ALBUQUERQUE, N.M. (AP) - Utility regulators are launching three weeks of hearings Monday to decide if the Public Service Company of New Mexico can implement a controversial rate hike of nearly 15 percent.

Environmental and consumer groups have opposed the plan as an attempt to push more rate responsibility from industrial and institutional customers to residential and commercial users, the Albuquerque Journal reported (https://bit.ly/1VKzOXb).

Public Service Company of New Mexico says the new revenue will pay for electric system investments it’s made since the last rate hike was approved in 2010.

Opponents plan a protest Monday when the rate case begins before the New Mexico Public Regulation Commission.

But the commission won’t be accepting any more public comment because of a crowded meeting schedule, PRC hearing examiner Carolyn Glick said.

Camilla Feibelman, the Sierra Club Rio Grande chapter’s executive director, said some opponents might be confused by the process.

“Most people are coming to the rally on Monday, and I believe many are mistakenly thinking that’s when public comments will be accepted by the PRC,” Feibelman said.

The New Mexico Public Regulation Commission heard comments Thursday.

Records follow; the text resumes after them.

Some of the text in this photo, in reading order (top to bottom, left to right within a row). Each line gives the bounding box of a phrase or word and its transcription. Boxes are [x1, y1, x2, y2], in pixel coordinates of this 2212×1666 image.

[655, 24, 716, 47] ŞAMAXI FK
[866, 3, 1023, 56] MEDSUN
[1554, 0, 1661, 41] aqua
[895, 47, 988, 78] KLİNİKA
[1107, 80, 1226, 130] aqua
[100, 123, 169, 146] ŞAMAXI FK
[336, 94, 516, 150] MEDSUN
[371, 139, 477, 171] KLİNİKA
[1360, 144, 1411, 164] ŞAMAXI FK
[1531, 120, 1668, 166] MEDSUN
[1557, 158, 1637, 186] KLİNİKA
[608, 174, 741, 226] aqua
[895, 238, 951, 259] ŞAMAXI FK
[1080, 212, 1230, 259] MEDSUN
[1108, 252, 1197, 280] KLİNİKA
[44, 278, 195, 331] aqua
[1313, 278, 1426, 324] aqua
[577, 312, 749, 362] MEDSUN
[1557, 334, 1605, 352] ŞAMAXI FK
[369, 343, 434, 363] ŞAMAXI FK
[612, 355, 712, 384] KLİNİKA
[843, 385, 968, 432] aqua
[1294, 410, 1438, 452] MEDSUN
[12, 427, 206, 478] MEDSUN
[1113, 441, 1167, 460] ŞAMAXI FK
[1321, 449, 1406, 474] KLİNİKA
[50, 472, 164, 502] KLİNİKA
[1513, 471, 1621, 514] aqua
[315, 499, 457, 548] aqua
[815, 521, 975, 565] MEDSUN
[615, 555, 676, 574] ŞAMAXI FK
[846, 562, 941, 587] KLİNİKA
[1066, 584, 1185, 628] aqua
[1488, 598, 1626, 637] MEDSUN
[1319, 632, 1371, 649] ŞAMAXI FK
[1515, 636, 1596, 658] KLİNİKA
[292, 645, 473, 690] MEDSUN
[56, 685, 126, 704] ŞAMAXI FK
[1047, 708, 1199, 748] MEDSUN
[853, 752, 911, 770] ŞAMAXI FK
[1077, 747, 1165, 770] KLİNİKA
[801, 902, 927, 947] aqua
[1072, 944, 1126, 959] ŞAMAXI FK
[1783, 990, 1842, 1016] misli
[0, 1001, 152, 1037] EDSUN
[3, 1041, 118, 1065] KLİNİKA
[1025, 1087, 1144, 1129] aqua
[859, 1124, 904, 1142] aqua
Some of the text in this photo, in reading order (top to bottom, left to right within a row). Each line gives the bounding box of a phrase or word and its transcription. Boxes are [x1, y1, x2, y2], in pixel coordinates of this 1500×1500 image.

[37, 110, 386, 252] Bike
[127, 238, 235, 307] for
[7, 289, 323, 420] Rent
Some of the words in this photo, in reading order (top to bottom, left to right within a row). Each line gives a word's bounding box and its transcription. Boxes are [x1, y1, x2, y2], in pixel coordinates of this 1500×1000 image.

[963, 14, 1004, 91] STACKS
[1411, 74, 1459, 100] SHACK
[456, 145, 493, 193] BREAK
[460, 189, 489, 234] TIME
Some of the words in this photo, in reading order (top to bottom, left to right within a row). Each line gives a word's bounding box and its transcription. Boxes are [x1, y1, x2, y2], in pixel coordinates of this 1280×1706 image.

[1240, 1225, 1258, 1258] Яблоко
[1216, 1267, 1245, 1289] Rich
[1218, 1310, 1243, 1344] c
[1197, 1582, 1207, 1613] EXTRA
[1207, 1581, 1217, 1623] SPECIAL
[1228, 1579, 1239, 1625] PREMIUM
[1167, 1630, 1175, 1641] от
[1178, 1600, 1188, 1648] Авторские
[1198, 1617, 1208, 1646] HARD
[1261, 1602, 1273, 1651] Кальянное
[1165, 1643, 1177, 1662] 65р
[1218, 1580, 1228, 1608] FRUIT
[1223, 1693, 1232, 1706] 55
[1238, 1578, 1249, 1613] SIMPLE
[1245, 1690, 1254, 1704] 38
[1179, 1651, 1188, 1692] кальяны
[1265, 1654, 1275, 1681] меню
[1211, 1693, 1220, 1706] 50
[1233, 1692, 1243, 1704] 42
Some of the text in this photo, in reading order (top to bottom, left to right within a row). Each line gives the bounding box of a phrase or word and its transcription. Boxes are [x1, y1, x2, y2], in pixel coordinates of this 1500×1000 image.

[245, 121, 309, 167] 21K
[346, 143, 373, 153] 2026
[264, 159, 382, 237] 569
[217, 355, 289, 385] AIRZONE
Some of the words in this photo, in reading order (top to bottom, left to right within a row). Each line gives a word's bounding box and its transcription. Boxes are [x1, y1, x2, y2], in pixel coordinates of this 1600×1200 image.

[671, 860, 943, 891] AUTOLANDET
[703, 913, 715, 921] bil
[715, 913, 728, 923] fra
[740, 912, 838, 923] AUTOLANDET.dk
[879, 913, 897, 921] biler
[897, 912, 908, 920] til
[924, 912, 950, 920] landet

Few attended, but those who did mostly spoke against the utility’s proposals.

AARP New Mexico representative Leonel Garza said Thursday that seniors and disabled people will be disproportionately affected.

“It would particularly affect the most vulnerable,” he said.

Carla Sonntag of the New Mexico Utility Shareholders Association spoke in favor of the utility.

“PNM has made significant investments in the electric system since its last rate case in 2010,” Sonntag said. “It needs to be able to capture and recover those costs while remaining competitive as an electric utility.”